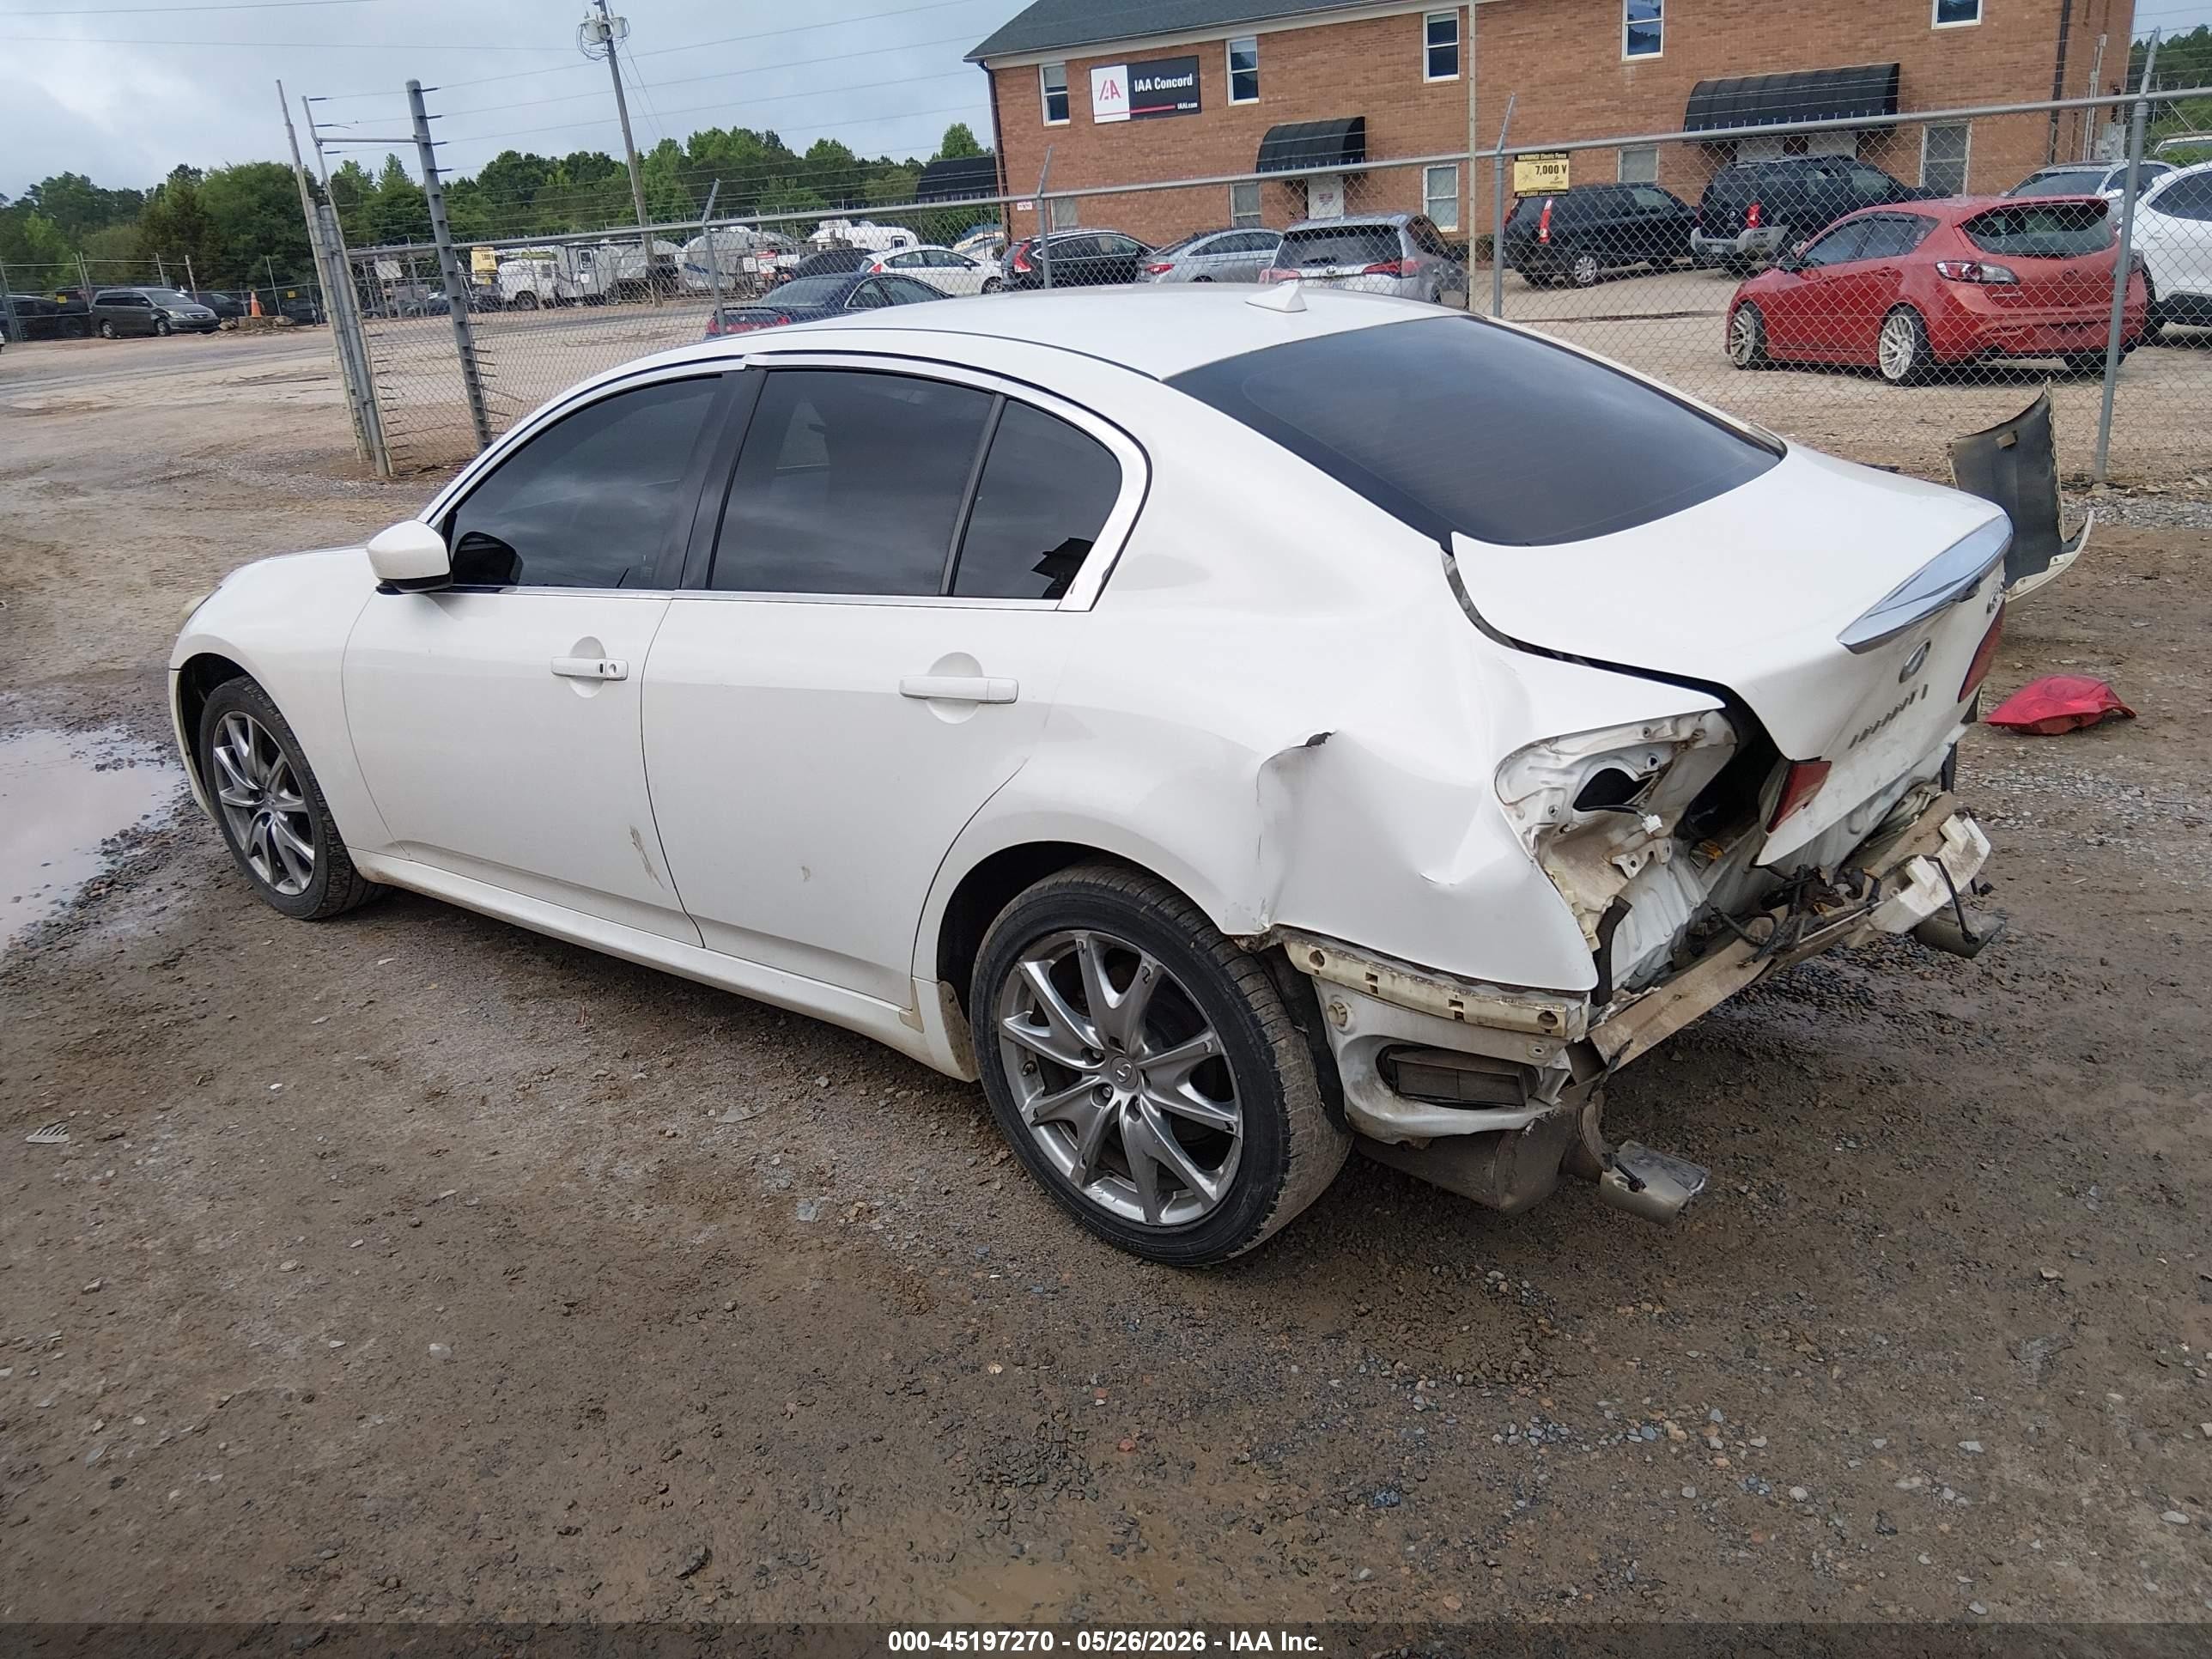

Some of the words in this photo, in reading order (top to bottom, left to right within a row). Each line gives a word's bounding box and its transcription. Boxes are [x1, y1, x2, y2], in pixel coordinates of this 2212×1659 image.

[1134, 80, 1152, 92] IAA
[1154, 73, 1193, 89] Concord
[1535, 164, 1559, 176] 7,000
[1561, 164, 1567, 174] V
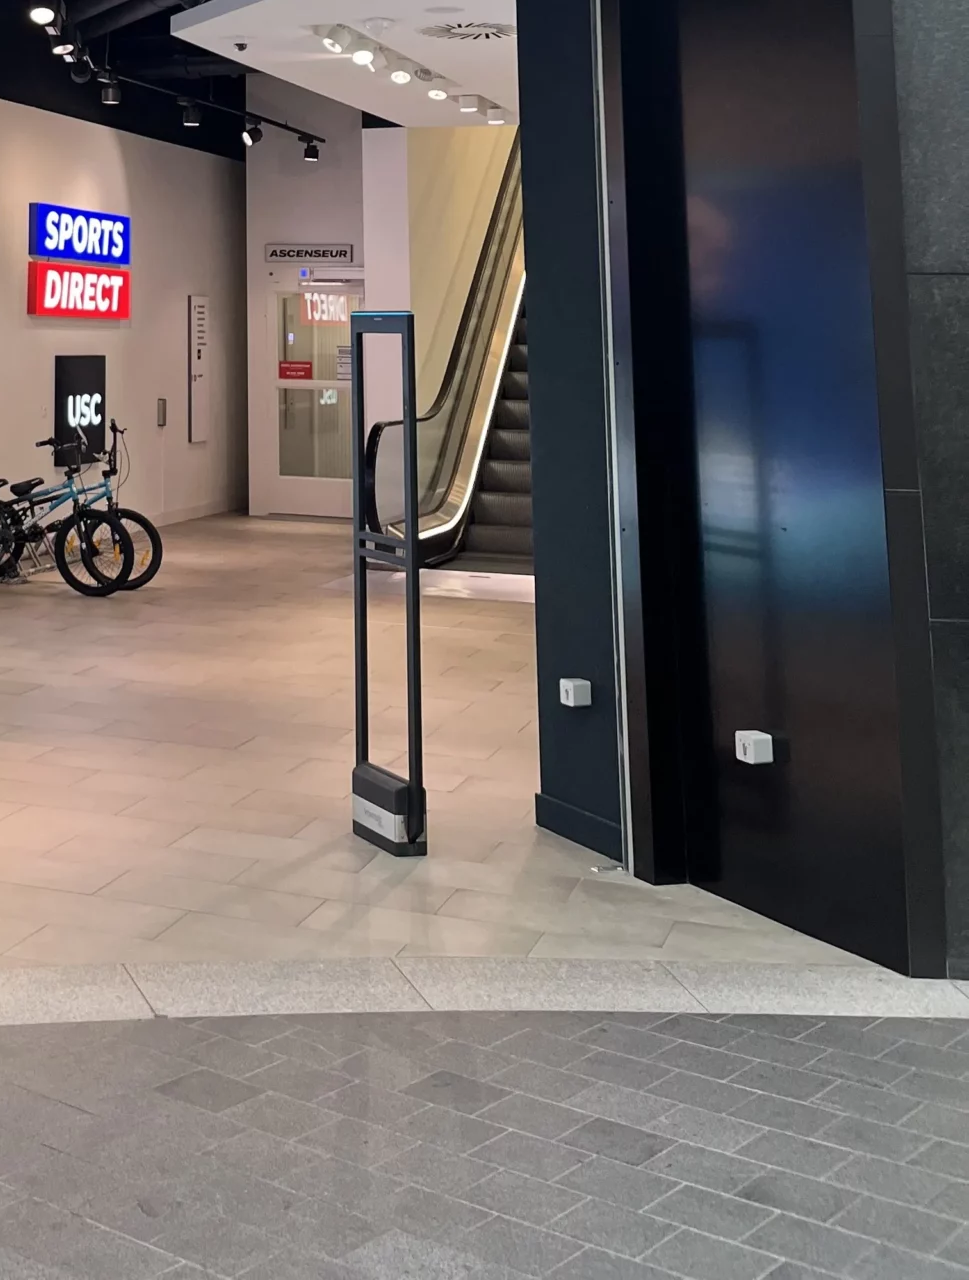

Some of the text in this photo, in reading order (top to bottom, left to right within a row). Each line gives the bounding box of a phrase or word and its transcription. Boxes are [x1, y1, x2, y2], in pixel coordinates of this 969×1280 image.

────────────────────────────────────────

§ **WHAT THIS TASK INVOLVES**
Exactly as they appear above, print all the lines, but not the pictures.

§ **ANSWER SPACE**
Some of the words in this photo, in reading order (top to bottom, left to right within a row). Each line gives a word's bounding box and its transcription. Boxes are [x1, y1, x2, y2], in pixel coordinates of this 2212×1659 image.

[1134, 80, 1152, 92] IAA
[1154, 73, 1193, 89] Concord
[1535, 164, 1559, 176] 7,000
[1561, 164, 1567, 174] V

Some of the text in this photo, in reading order (top to bottom, left to right within a row). Each line gives the bounding box of a phrase or word and its transcription. Boxes are [x1, y1, x2, y2], in pixel coordinates of this 969×1280 image.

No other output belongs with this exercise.